Beginning June 1, my husband is switching from insurance at work to Medicare. After spending a lifetime working on the financial side of the insurance industry, he thought he knew everything there was to know about the business. But that was before he encountered the baffling complexity of Medicare.
After sorting through the basic options and wading through the dozens of proposals for plans that he received by email and snail mail, he chose a Medicare Advantage plan from an insurer he knows and trusts.
The biggest surprise was the cost. No matter what plan he chose -- Medicare Advantage or conventional Medicare with a Medigap policy -- his out-of-pocket costs would be much higher than they were when he bought insurance through his employer. In fact, his Medicare bills will be bigger than what I am going to pay for an individual plan sold on the open market now that I am no longer eligible for insurance through his work and not yet old enough for Medicare.
His Medicare Advantage plan also will provide less coverage than his old policy, especially for prescription drugs, dental and vision, even though the plan comes from the same insurer that we relied on before he chose retirement.
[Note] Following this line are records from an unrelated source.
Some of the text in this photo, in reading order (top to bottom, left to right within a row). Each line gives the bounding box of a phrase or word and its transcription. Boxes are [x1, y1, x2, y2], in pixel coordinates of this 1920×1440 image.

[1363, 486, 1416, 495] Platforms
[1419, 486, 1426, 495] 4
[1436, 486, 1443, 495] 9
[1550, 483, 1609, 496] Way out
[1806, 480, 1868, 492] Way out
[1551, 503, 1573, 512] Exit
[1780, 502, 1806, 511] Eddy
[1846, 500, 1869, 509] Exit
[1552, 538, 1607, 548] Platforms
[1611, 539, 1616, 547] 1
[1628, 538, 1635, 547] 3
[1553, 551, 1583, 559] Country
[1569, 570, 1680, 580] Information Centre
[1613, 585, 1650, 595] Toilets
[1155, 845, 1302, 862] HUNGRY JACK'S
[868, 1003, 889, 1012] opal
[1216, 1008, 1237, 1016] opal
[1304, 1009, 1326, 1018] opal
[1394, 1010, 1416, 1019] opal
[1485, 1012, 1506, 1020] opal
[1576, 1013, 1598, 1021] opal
Opting out of Medicare isn't an option. If you're 65 and you don't have what Medicare calls "credible coverage" through an employer, you have to sign up.
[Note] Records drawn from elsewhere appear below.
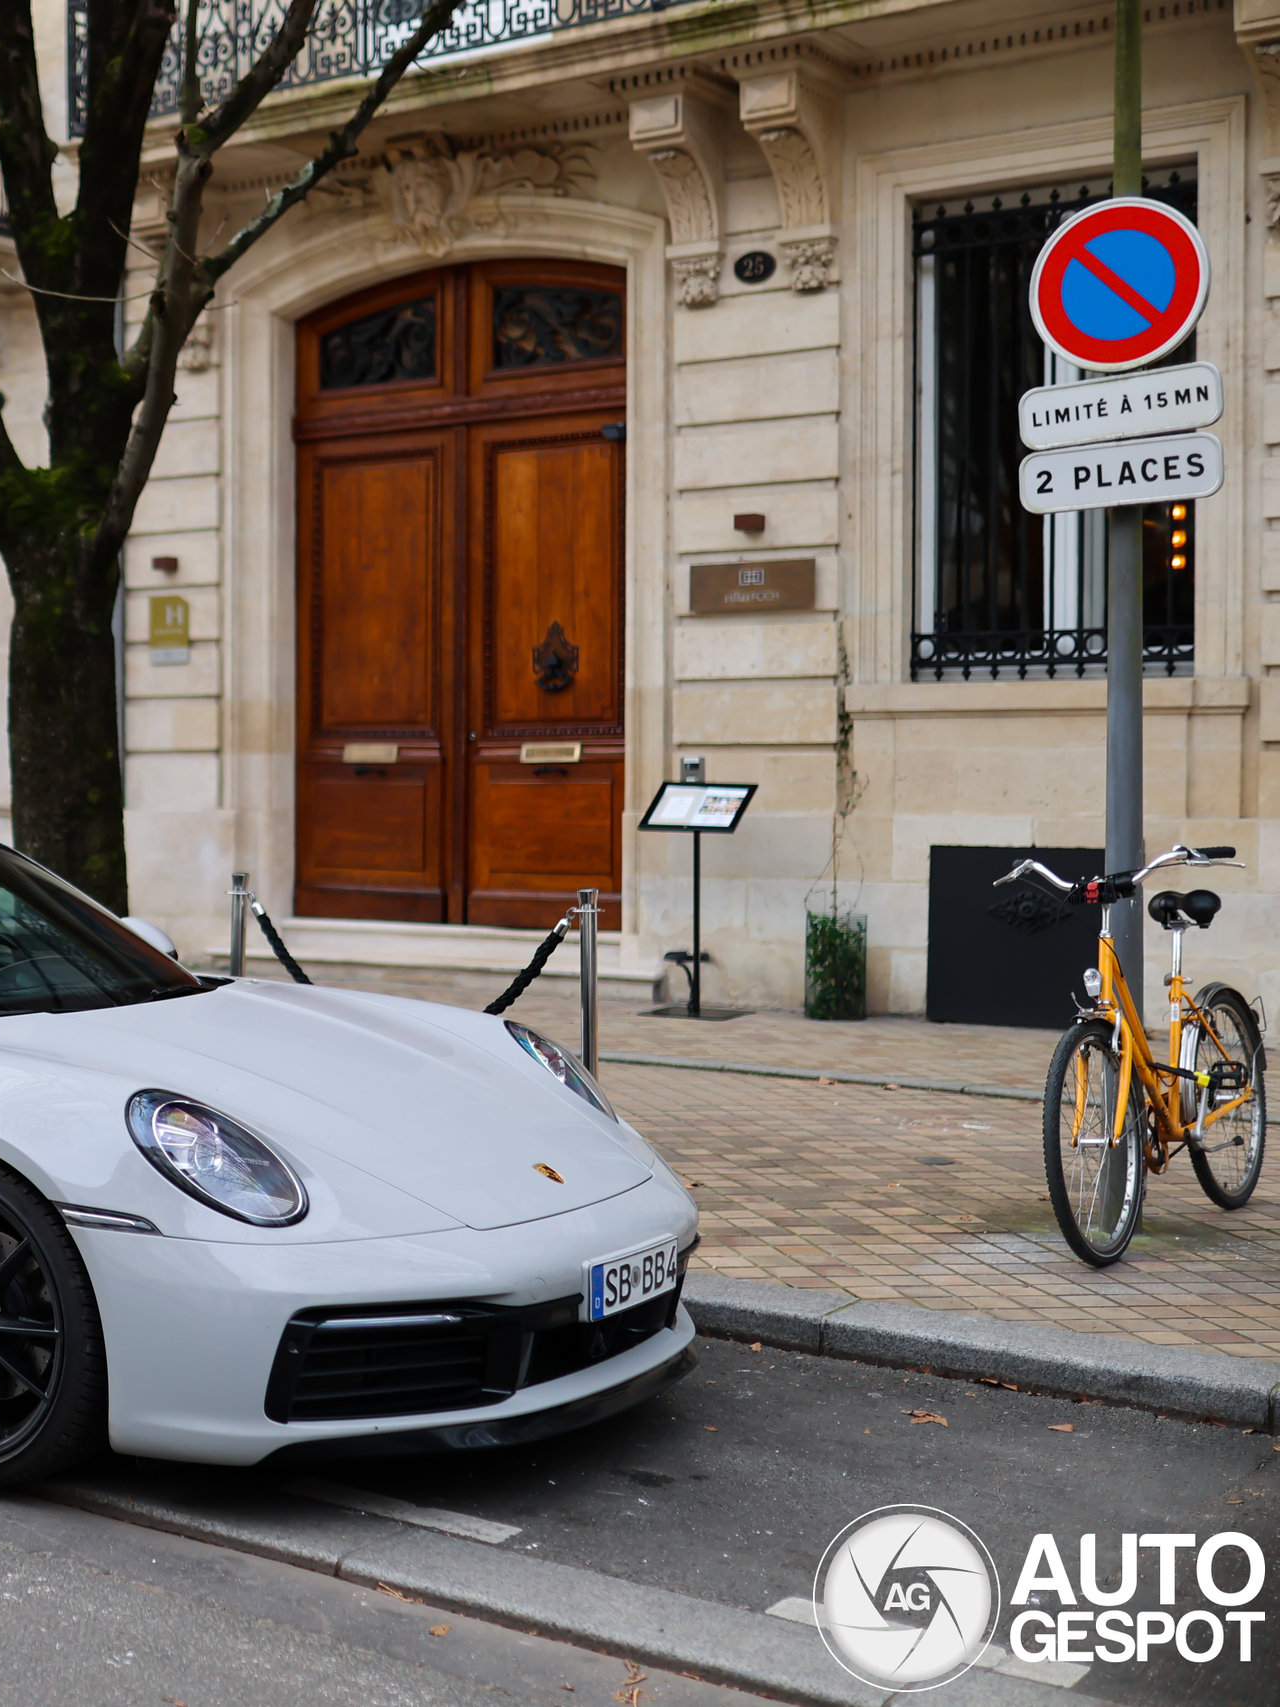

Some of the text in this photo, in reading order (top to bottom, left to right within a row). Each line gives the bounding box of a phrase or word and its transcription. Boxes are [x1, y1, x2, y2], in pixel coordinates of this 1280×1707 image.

[743, 256, 765, 277] 25
[1032, 398, 1108, 428] LIMITÉ
[1121, 393, 1133, 414] À
[1036, 453, 1205, 494] 2 PLACES
[166, 605, 184, 626] H
[595, 1297, 601, 1309] D
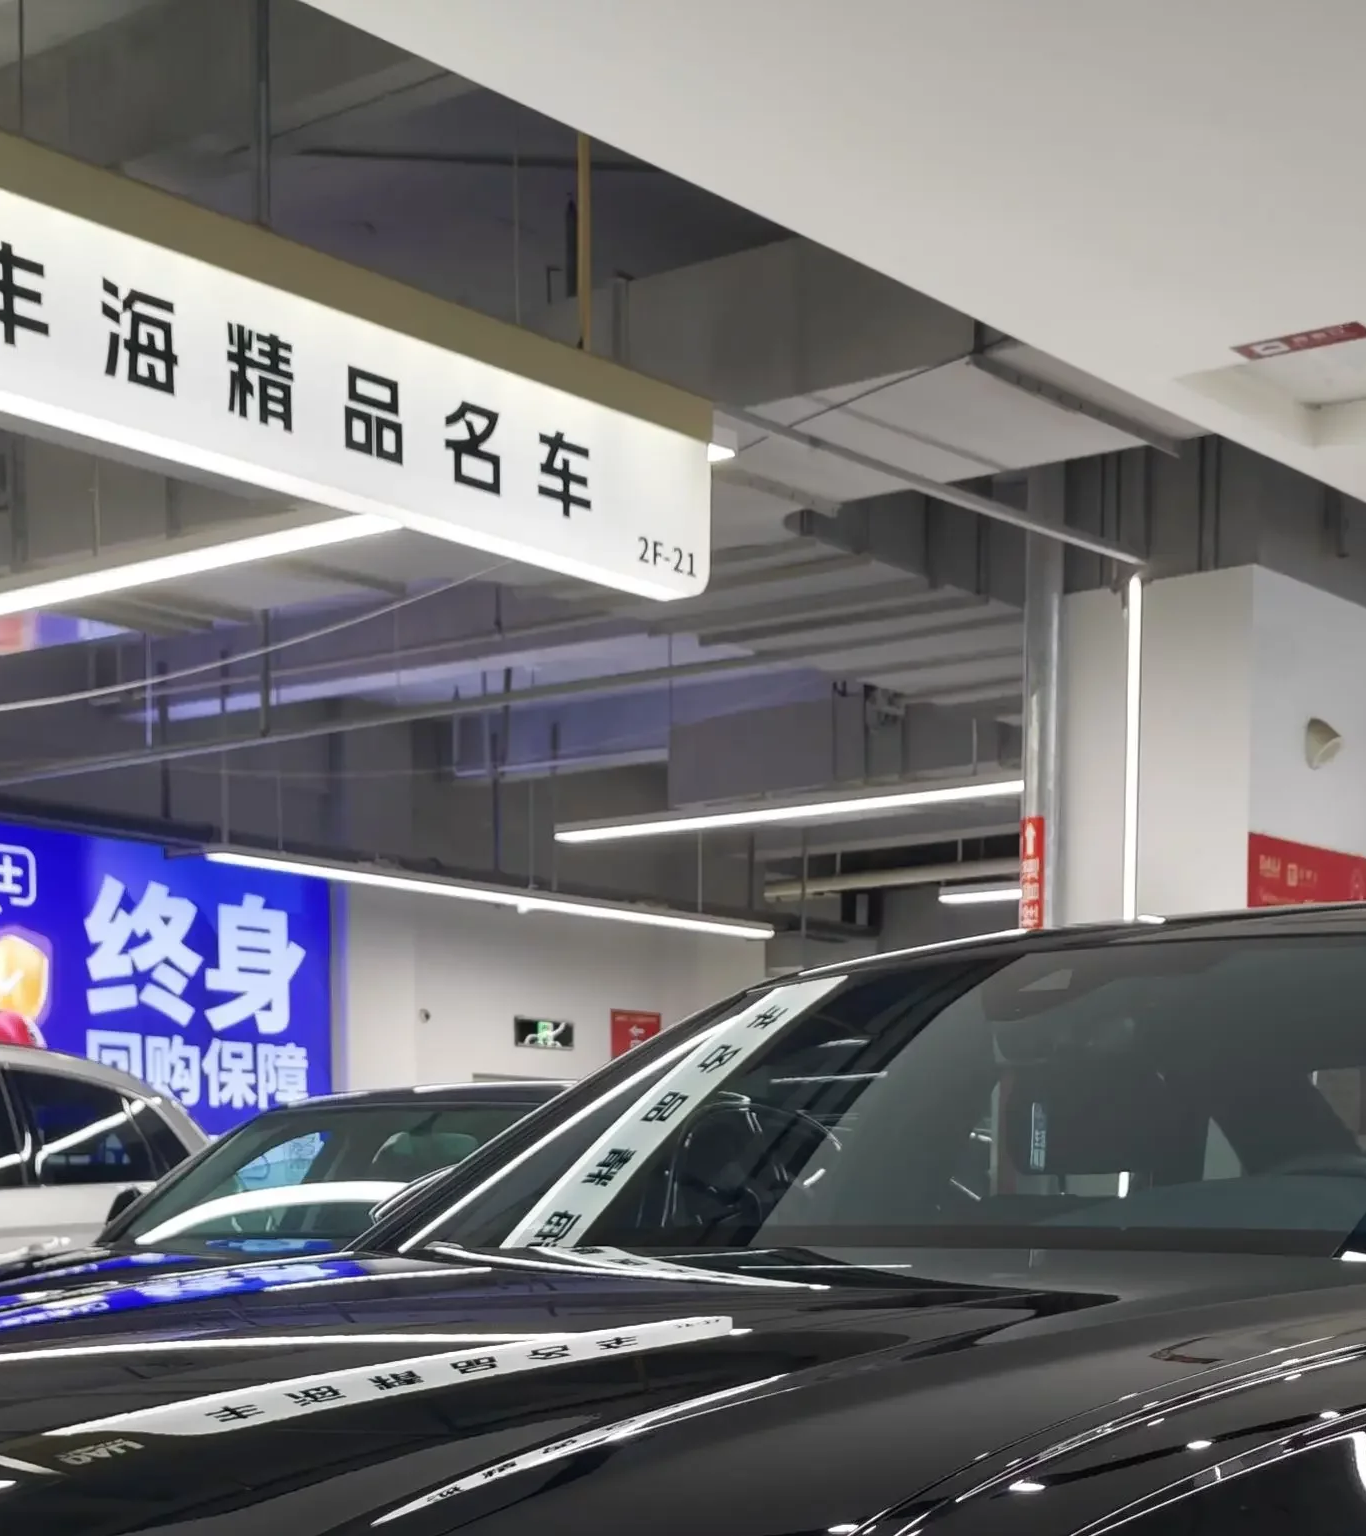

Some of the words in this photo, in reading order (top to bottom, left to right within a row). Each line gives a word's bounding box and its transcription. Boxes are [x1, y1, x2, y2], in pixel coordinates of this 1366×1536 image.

[636, 534, 698, 578] 2F-21
[84, 873, 306, 1034] 终身
[86, 1028, 308, 1109] 回购保障
All of this has been an eye-opening part of retirement planning, and it has made the discussion surrounding ways to save money on Medicare much more personal for me. Christine Eibner, a senior economist at the RAND Corp., and author of a study comparing the three most common suggestions for controlling the cost of Medicare, says anyway you cut it, reducing the cost of Medicare is going to also reduce access to health care among people who can least afford to pay. And in the long run, that will probably drive up the costs for everyone.
Here are the suggestions Eibner studied and their impact:
Add a Medicare Part A premium. Part A covers hospitalization and is currently paid for by payroll taxes. Adding a means-tested premium would cut Medicare spending by 2.4 percent and trim enrollment by 2 percent because some people wouldn't pay. The overall cost savings would be nominal, RAND calculates.
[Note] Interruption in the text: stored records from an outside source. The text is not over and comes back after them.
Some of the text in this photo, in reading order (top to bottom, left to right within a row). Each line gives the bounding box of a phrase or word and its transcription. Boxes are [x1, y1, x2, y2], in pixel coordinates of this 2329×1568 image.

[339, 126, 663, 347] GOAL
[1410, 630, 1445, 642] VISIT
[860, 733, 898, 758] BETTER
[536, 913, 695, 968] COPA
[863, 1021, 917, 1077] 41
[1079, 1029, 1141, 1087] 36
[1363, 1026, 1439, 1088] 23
Increase the age of eligibility from 65 to 67. This would cut the number of seniors covered by Medicare by 14 percent and save 7.2 percent on its cost. But if 65- and 66-year-olds switched to the open market where costs will be controlled by the Affordable Care Act, their greater need for health care will drive up the cost of insurance for everyone. If they are low income, the government will still have to pick up some -- if not all -- of their costs. That could be an all around lose-lose.
Scrap Medicare as we know it in favor of a premium support plan. Premium support would give every senior a voucher to offset the cost of buying insurance on the open market. That would cut spending by 24 percent, but between 4 percent and 13 percent of people older than 65 would likely drop coverage because the vouchers wouldn't be enough to cover their costs to buy insurance. If they drop coverage and then get sick, they'll go to the emergency room and the health care system and taxpayers will still pay, RAND predicts.
"All three of the policy proposals we examined would require sacrifices in eligibility, and in the long run may impose higher costs on Medicare enrollees," Eibner says.
"Whether people pay out of pocket or the federal government pays through increased taxes, the rising costs are unsustainable. (To save money) you have to address the deeper issues that will bend the trajectory of healthcare costs," she adds.